O último dos cinco corpos do grupo que desapareceu em lancha no Rio de Janeiro foi reconhecido pela família nesta quarta-feira (10). A mulher do mecânico náutico Cláudio Vieira, 52 anos, identificou o marido por meio das digitais e de fotos da roupa dele e de uma sapatilha.

Segundo a filha Aline Vieira, o Instituto Médico Legal (IML) de Macaé (RJ) enviou as fotos dos objetos, que foram encontradas com o 5º corpo localizado pela Marinha, antes do reconhecimento presencial no instituto.

“Elas [a mulher e um amiga] receberam as fotos da sapatilha e de uma roupa e elas afirmaram que realmente se tratava dele. Teve também o reconhecimento das digitais”, disse. A filha ainda não foi informada se a mãe já foi ao IML reconhecer o corpo pessoalmente.

Transporte do corpo e sepultamento
Ainda segundo Aline, o translado do corpo para Fortaleza deverá ocorrer em um voo comercial. A viagem é organizada por outros parentes de Cláudio. A previsão é que o sepultamento aconteça na capital nos próximos dias.

O último corpo foi localizado na última terça-feira (9) por um barco pesqueiro a cerca de 35 km a sudeste do Farol de Cabo Frio, área de buscas da lancha “O Maestro”. De acordo com a Marinha, o corpo foi recolhido pelo navio-patrulha “Amazonas” e foi para a Enseada do Forno, em Arraial do Cabo, de onde foi levado para o IML de Macaé para identificação.

Cláudio e mais quatro pessoas viajavam de lancha do Rio de Janeiro com destino a Fortaleza.
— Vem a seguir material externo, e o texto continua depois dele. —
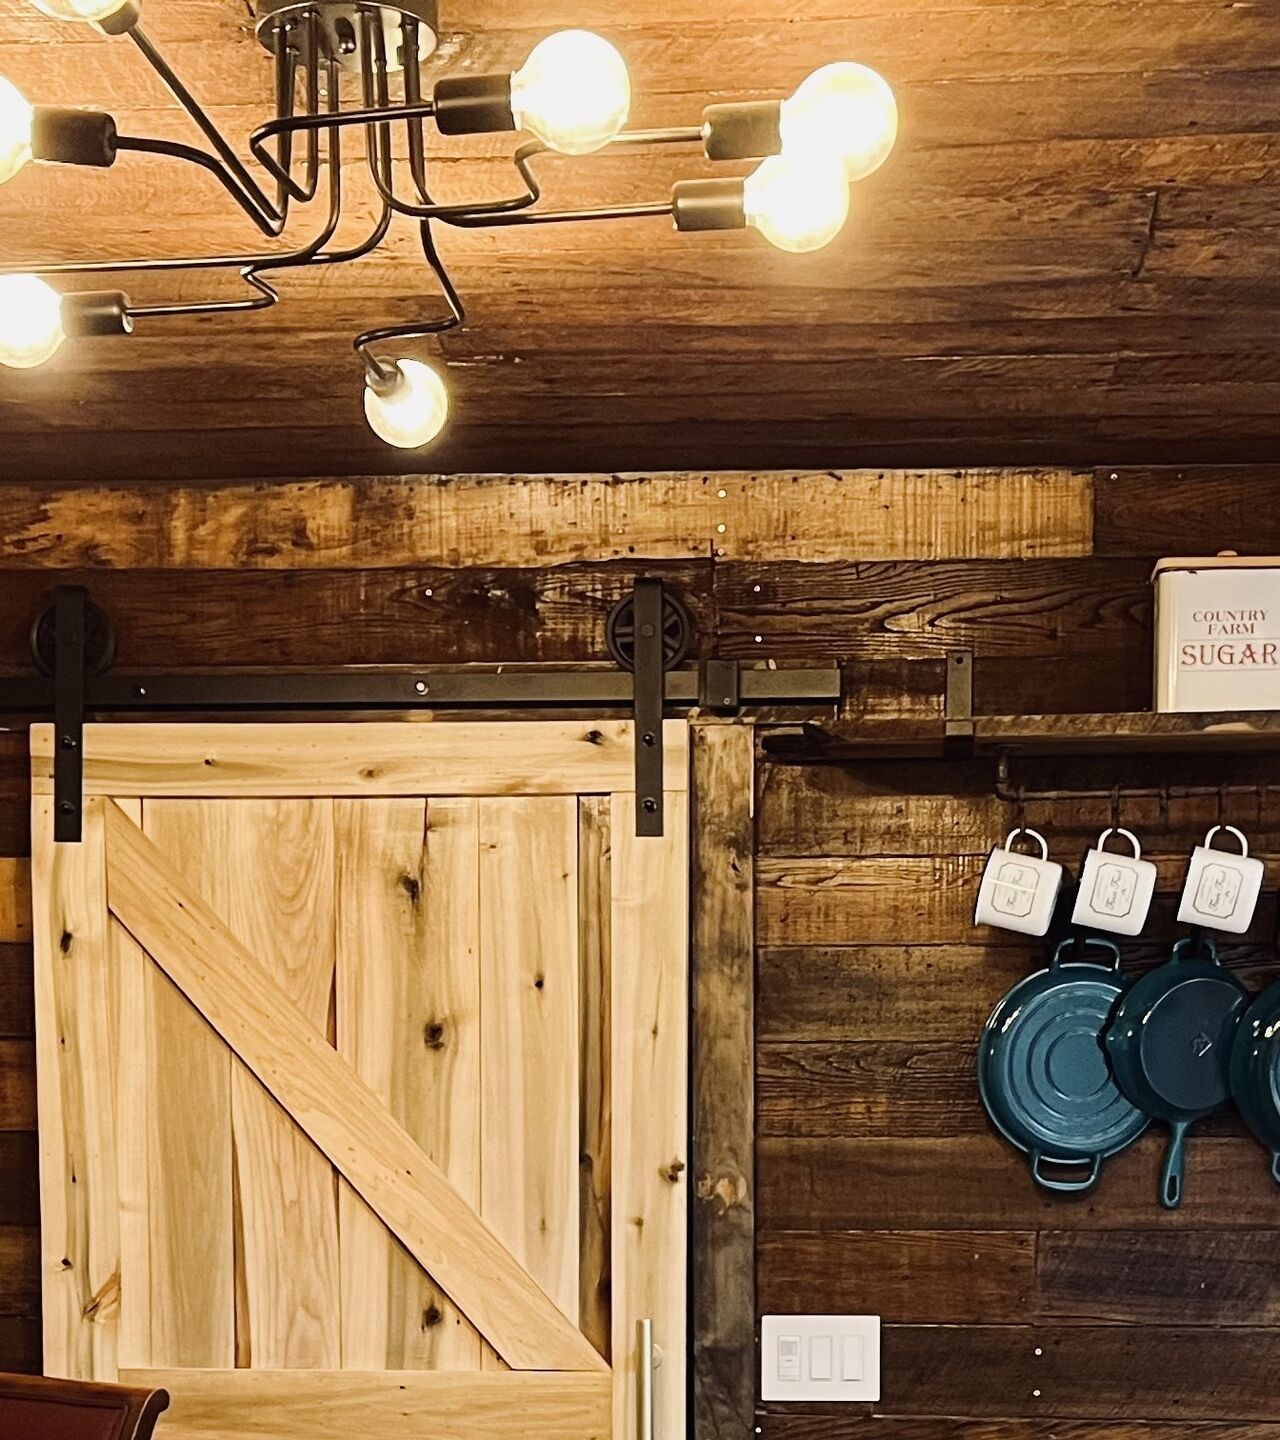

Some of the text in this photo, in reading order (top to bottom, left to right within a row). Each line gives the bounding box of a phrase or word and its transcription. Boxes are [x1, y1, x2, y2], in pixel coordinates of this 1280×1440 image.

[1192, 608, 1270, 624] COUNTRY
[1207, 623, 1256, 636] FARM
[1180, 642, 1280, 667] SUGAR
O grupo começou a viagem no dia 26 de janeiro, quando partiu do Iate Clube Guanabara.

A embarcação teve uma falha no motor e nas bombas no mesmo dia, segundo a mulher de um dos navegantes, Vitória Magalhães. Então, eles pararam na Urca, ainda no Rio de Janeiro, para fazer os reparos, e partiram do local dois dias depois, em 28 de janeiro.

Todos os cinco corpos recolhidos em alto-mar já foram reconhecidos pelas famílias. Além da morte de Cláudio, foram identificados dos empresários Domingos Sávio e Ricardo Kirst, do pescados Wilson Martins dos Santos e do comandante Guilherme Ambrósio.